MCGEE: What's the estimated cost of your summer compliance list and what percentage of your IT budget annually is allocated for data security and privacy? Is the trend going up or down?

HALAMKA: When we looked at the comprehensive list of work we wanted to do, this [was] more the 18 months at work [and] about $11 million of capital; when we looked at what we really could do this summer and into our fiscal year FY13, we looked at about $4 million of projects we could just get done. The $4 million ends up being about a third of my capital budget. When I look at my security funding, I spend about $1 million a year in operating expense on security staff and security tool licenses. I will be spending about 30 percent more than that next year.

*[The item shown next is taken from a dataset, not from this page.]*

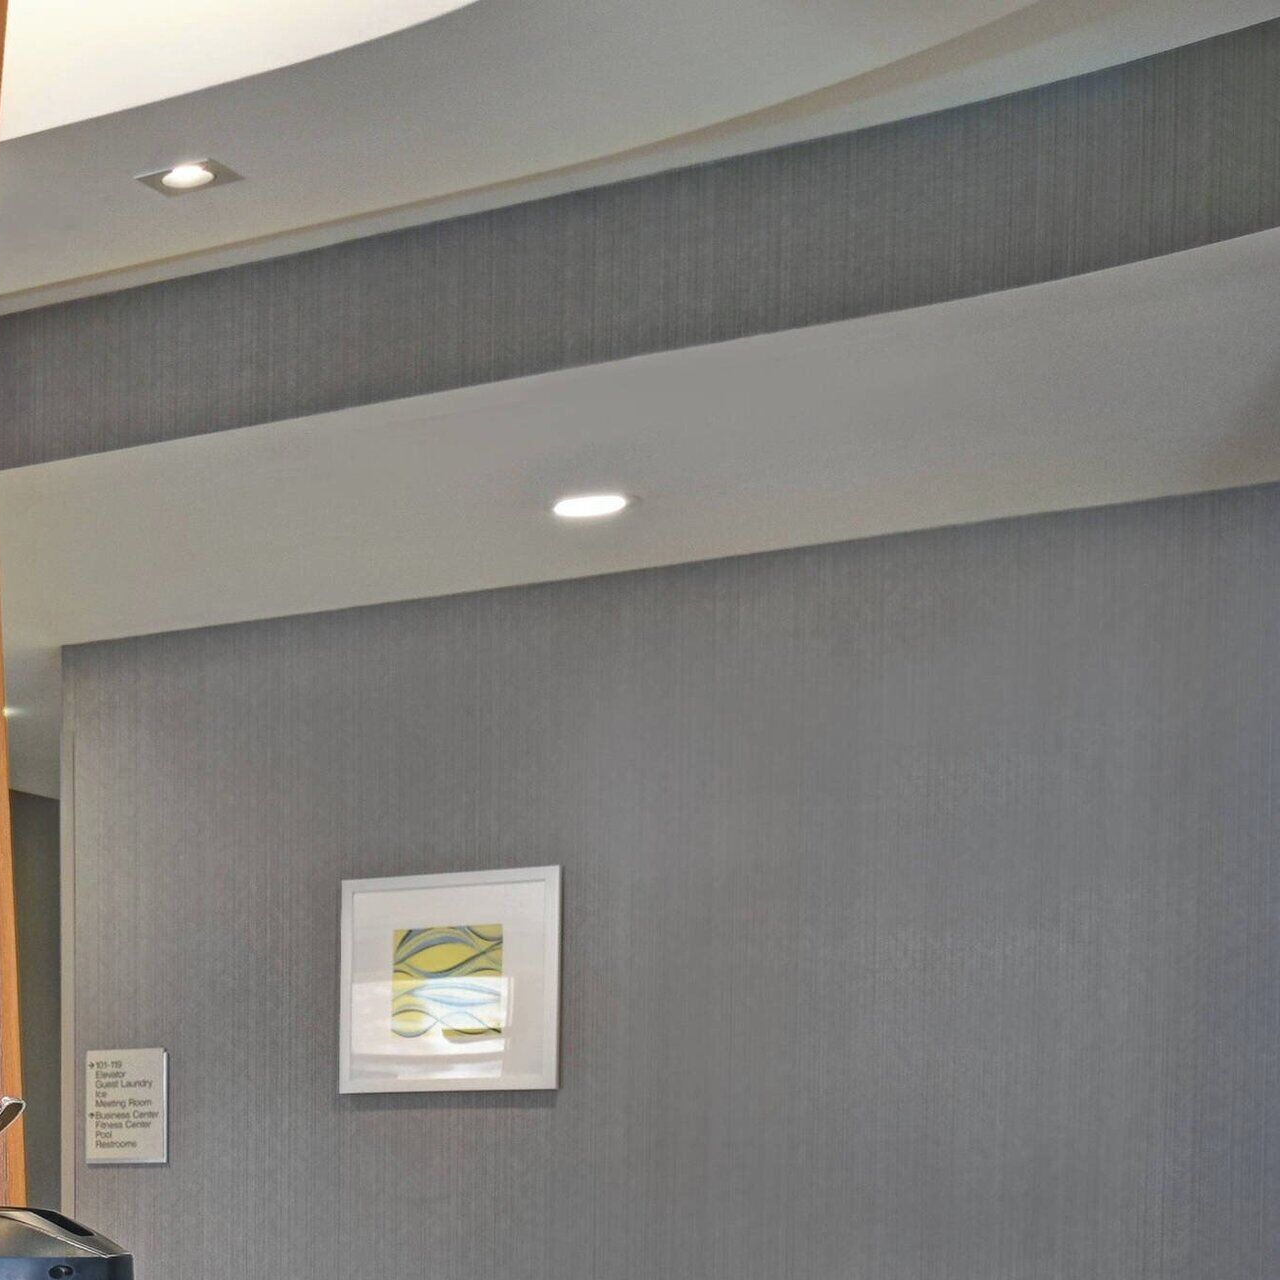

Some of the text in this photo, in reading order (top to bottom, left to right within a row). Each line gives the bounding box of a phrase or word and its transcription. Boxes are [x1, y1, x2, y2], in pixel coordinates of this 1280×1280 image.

What we're seeing is security is the highest area of growth of my operating budget and will eat up a third of my capital budget. So it's a very significant resource area.

Preparing for Next Steps

MCGEE: How will meeting the summer compliance to-do list prepare you for the fall, and briefly what's on the list for the fall?

HALAMKA: Well I guess one asks, "What's risk?" I have always thought of risk as the likelihood of something bad happening times the impact of it happening. So you could say the likelihood is vanishingly small, but the impact is devastating. Therefore the risk is high. But hey, if you discover there's a particular likelihood of badness but the impact is negligible, then maybe you don't need to do that one right away. What we've done in looking at these nine different dimensions of risk ... is create a project plan that will by fall, and certainly through FY13, substantially reduces our risk profile.

Here's a way to think about it quantitatively. There's a product we use from Rapid7 called Nexpose. ... This particular product generates a risk score of a desktop, a laptop or a device connected to the network. Well, sometimes these risk scores can be very high. So imagine you have people who downloaded Adobe 7 and haven't actually updated Acrobat in three years or Java hasn't patched it in years. They're going to have a desktop that may have a score in the million range. Our goal by the fall is to get all desktops in the organization down to the under a thousand range. So in effect, what we do as we march through all these projects is reduce our risk profile, reduce the likelihood of a breach and reduce the impact of anything that may happen.